EDITOR'S NOTE: This story contains information that has been corrected since it was first published in print and online. See a note below for an explanation.
TAMPA — Changes to Medicaid, increased emphasis on primary care and reforms to medical malpractice policies were among the goals outlined Thursday by top lawmakers during a Tampa stop on their statewide health care tour.
Senate President-designate Mike Haridopolos led the group that sat down with about two dozen health care providers at the University of South Florida's College of Medicine to discuss how to move closer to a "patient centered" health care system. Haridopolos said the current "government based" system is too costly and complicated.

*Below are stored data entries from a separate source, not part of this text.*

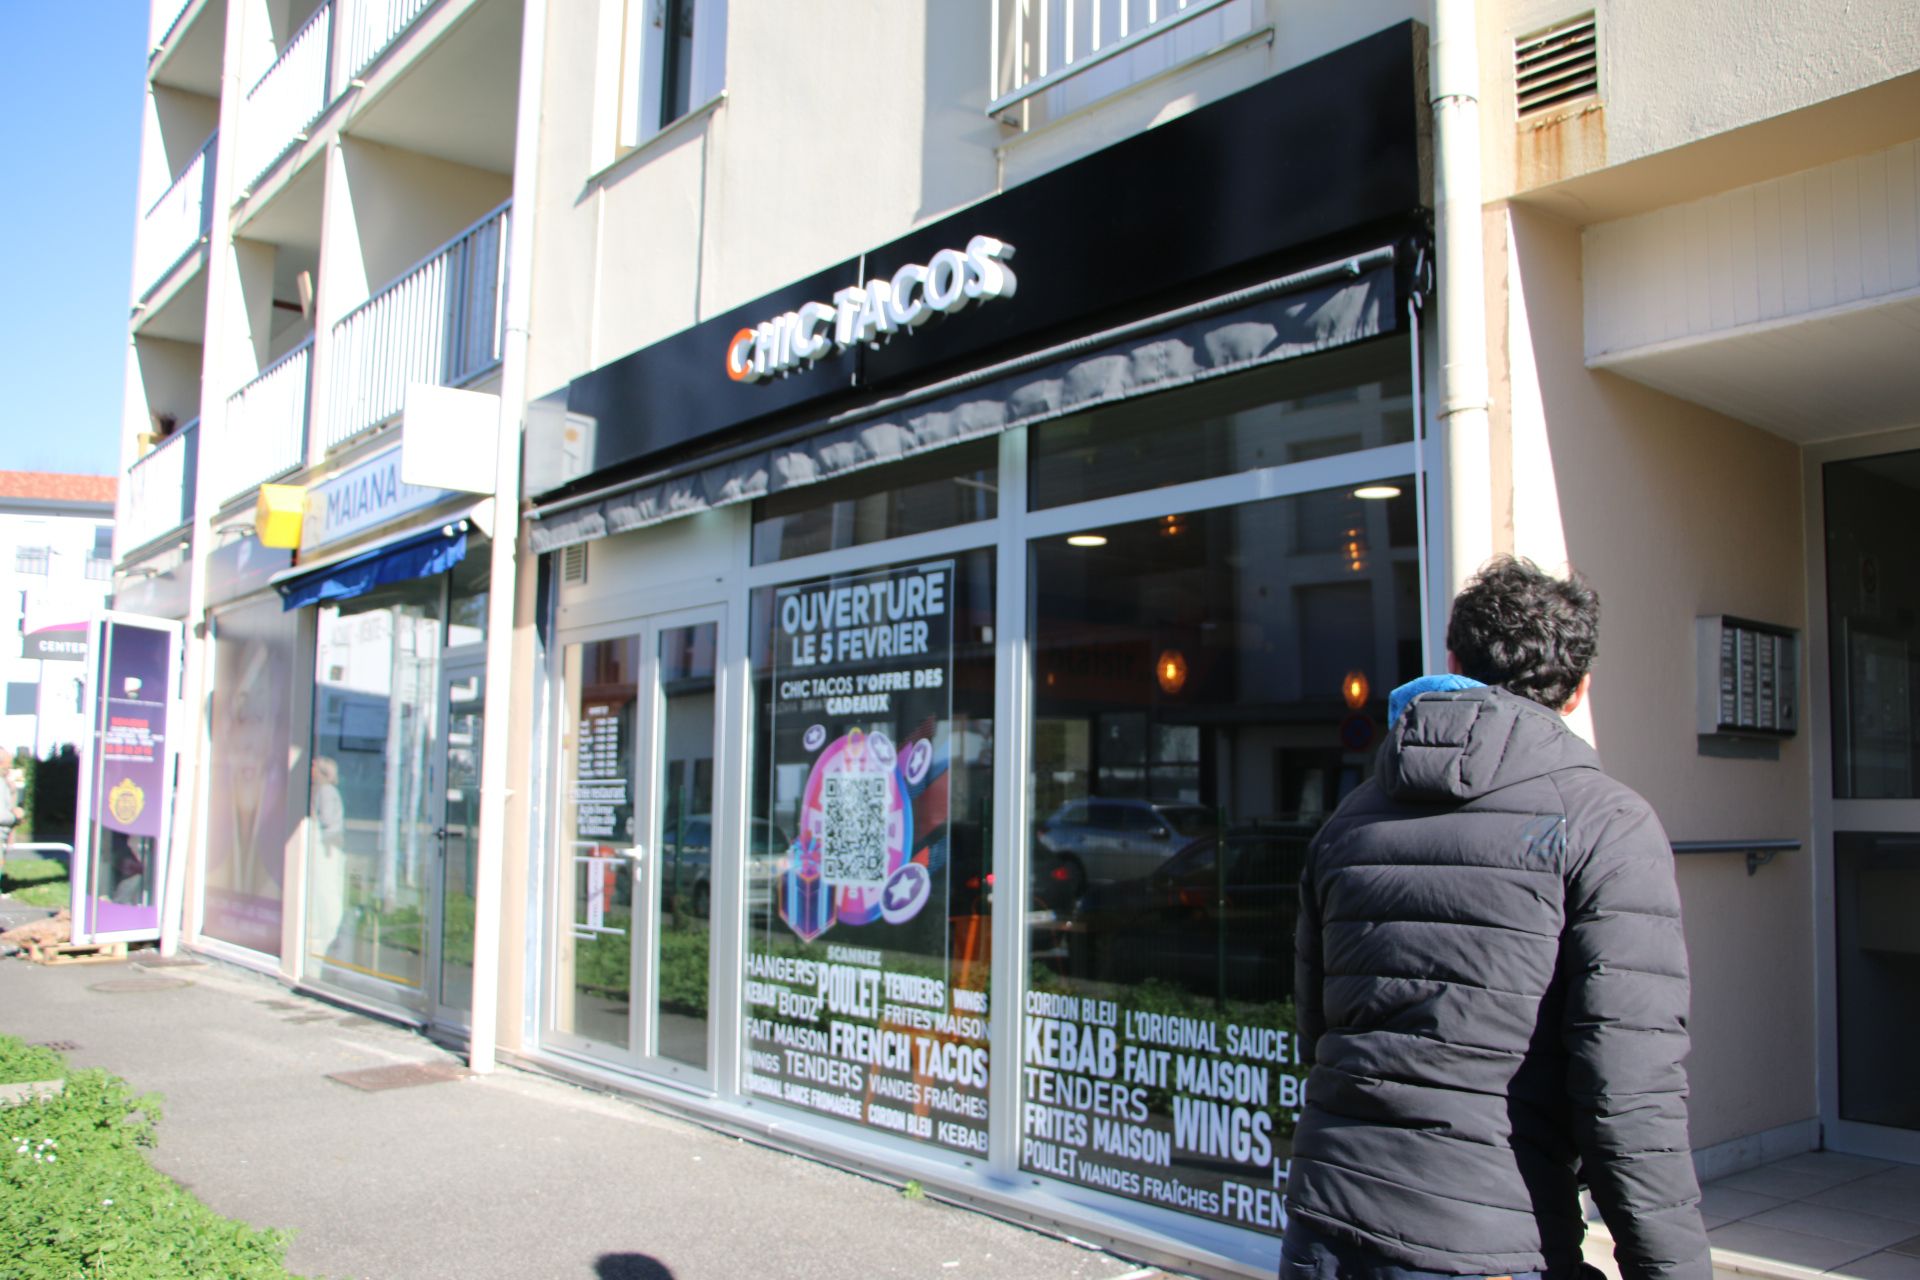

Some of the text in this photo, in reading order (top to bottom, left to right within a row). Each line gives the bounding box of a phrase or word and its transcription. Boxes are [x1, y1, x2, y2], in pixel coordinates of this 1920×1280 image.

[726, 235, 1017, 384] CHIC TACOS
[326, 462, 398, 531] MAIANA
[781, 572, 945, 635] OUVERTURE
[792, 620, 929, 667] LE 5 FEVRIER
[780, 667, 943, 700] CHIC TACOS T'OFFRE DES
[825, 693, 890, 716] CADEAUX
[827, 945, 882, 967] SCANNEZ
[778, 991, 820, 1022] BODZ
[817, 962, 881, 1019] POULET
[883, 971, 944, 1008] TENDERS
[953, 987, 987, 1013] WINGS
[1026, 990, 1118, 1028] CORDON BLEU
[744, 1017, 828, 1055] FAIT MAISON
[884, 1004, 992, 1041] FRITES MAISON
[1125, 1009, 1221, 1054] L'ORIGINAL
[1225, 1024, 1289, 1063] SAUCE
[745, 1049, 780, 1074] WINGS
[830, 1020, 989, 1090] FRENCH TACOS
[1024, 1015, 1118, 1078] KEBAB
[784, 1050, 864, 1092] TENDERS
[784, 1081, 810, 1105] SAUCE
[1124, 1045, 1269, 1106] FAIT MAISON
[869, 1073, 988, 1120] VIANDES FRAÎCHES
[1024, 1065, 1149, 1122] TENDERS
[868, 1103, 932, 1138] CORDON BLEU
[938, 1121, 989, 1152] KEBAB
[1024, 1101, 1171, 1168] FRITES MAISON
[1172, 1096, 1273, 1167] WINGS
[1024, 1137, 1219, 1215] POULET VIANDES FRAÎCHES

It was the second day of a three-day sweep, dubbed the Health Care Solutions Tour, that began in Miami on Wednesday. Also on board were senators Don Gaetz, Joe Negron, Ronda Storms and Hillsborough County Commissioner Jim Norman.
At USF, Haridopolos displayed a slide show with a mazelike graphic to illustrate the intricate bureaucratic system that governs health care.

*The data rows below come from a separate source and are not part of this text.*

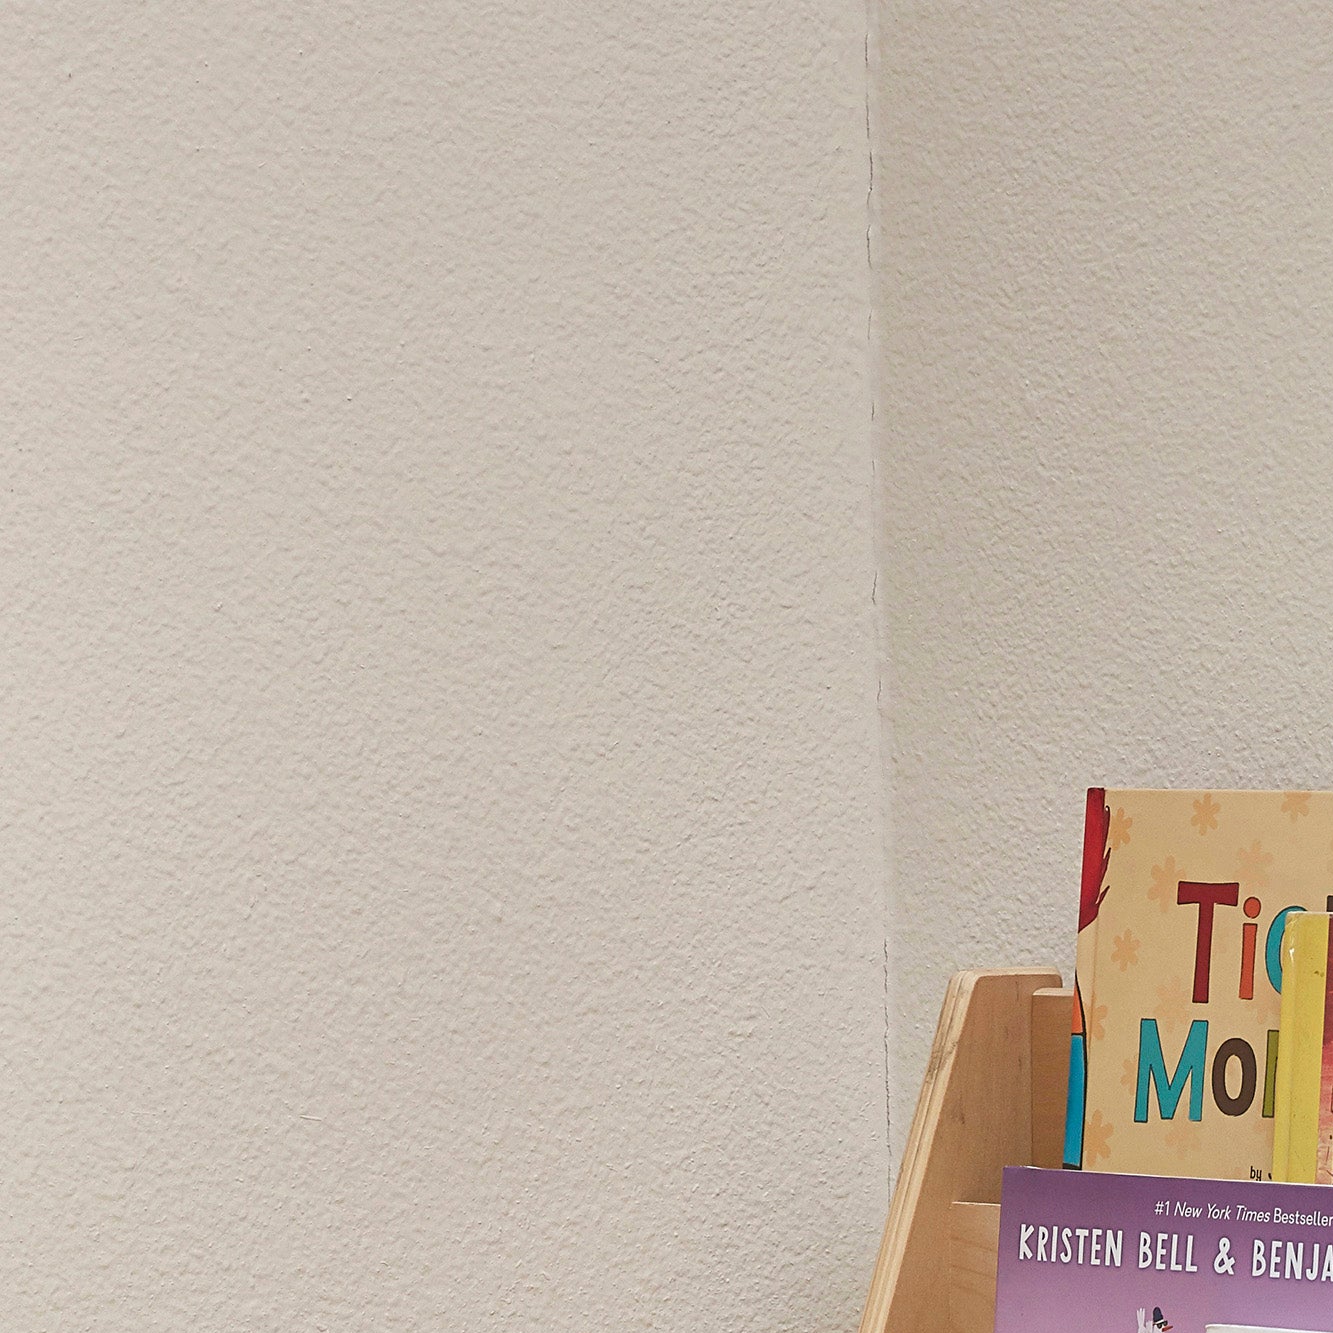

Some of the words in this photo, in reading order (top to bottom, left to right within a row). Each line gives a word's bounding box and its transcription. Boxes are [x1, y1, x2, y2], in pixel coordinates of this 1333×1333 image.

[1250, 1165, 1262, 1181] by
[1154, 1201, 1170, 1216] #1
[1174, 1201, 1202, 1218] New
[1207, 1203, 1231, 1220] York
[1235, 1205, 1270, 1223] Times
[1273, 1208, 1333, 1227] Bestseller
[1018, 1223, 1123, 1267] KRISTEN
[1137, 1233, 1198, 1273] BELL
[1213, 1240, 1236, 1276] &
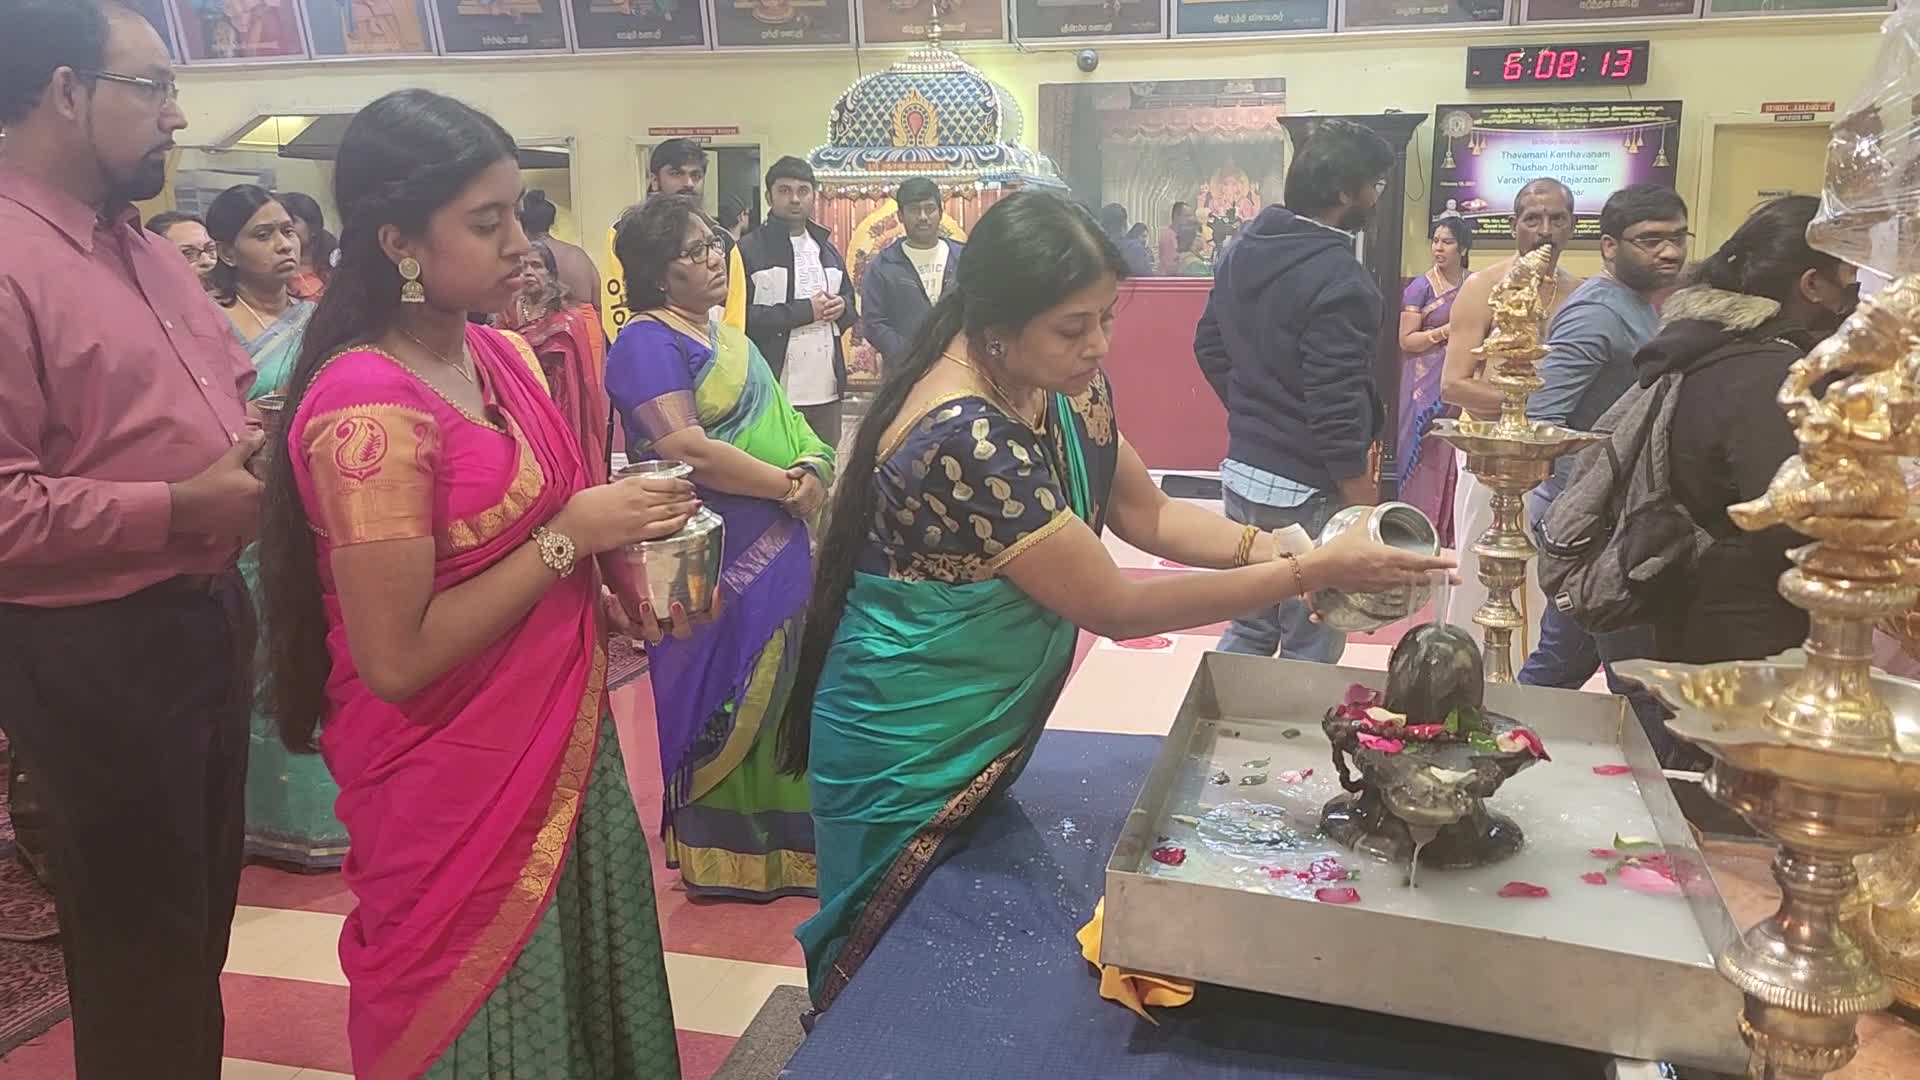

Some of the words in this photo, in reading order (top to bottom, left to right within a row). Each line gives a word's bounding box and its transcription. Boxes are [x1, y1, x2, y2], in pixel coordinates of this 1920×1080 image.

[1502, 151, 1547, 159] Thavamani
[1512, 163, 1548, 171] Thushan
[1551, 162, 1598, 171] Jothikumar
[1561, 175, 1611, 185] Rajaratnam
[607, 278, 626, 335] OLO

"And look who's at the center," Haridopolos said, pointing to bold letters spelling out "Secretary of Health and Human Services."
Haridopolos said a more individualized, "patient centered" system would mean assigning doctors to closely follow patients through electronic records and more primary care.
Though Haridopolos criticized President Obama's health care plan, he said the aim of his tour was not political.
"We're not going to be simply against something," he said. "We need to offer a better alternative."
Haridopolos said he and his fellow senators would work for the next three or four months to hammer out a specific plan, but he stressed that it would be a long-term process.
This year, he said, the Senate already has held 17 committee meetings with over 40 hours of testimony about Medicaid, which he said was an overworked system that eats about 30 percent of the state budget.
"There's no such thing as something for nothing," he said. "As George Washington said during the American Revolution, 'We are out of money. Now we must think.' "
Franklin Sands, the state House's Democratic leader, released a statement blasting Haridopolos' tour as "misleading and politically charged rhetoric."
"Federal health reforms are a good thing for Florida, its taxpayers and the state's vulnerable population," he said in the news release. "… I hope future discussions of Florida's health care systems include all the facts and be presented in a fair, nonpartisan fashion."
CORRECTION: Mike Haridopolos is the president-designate of the Florida Senate. A story Thursday had an incorrect title.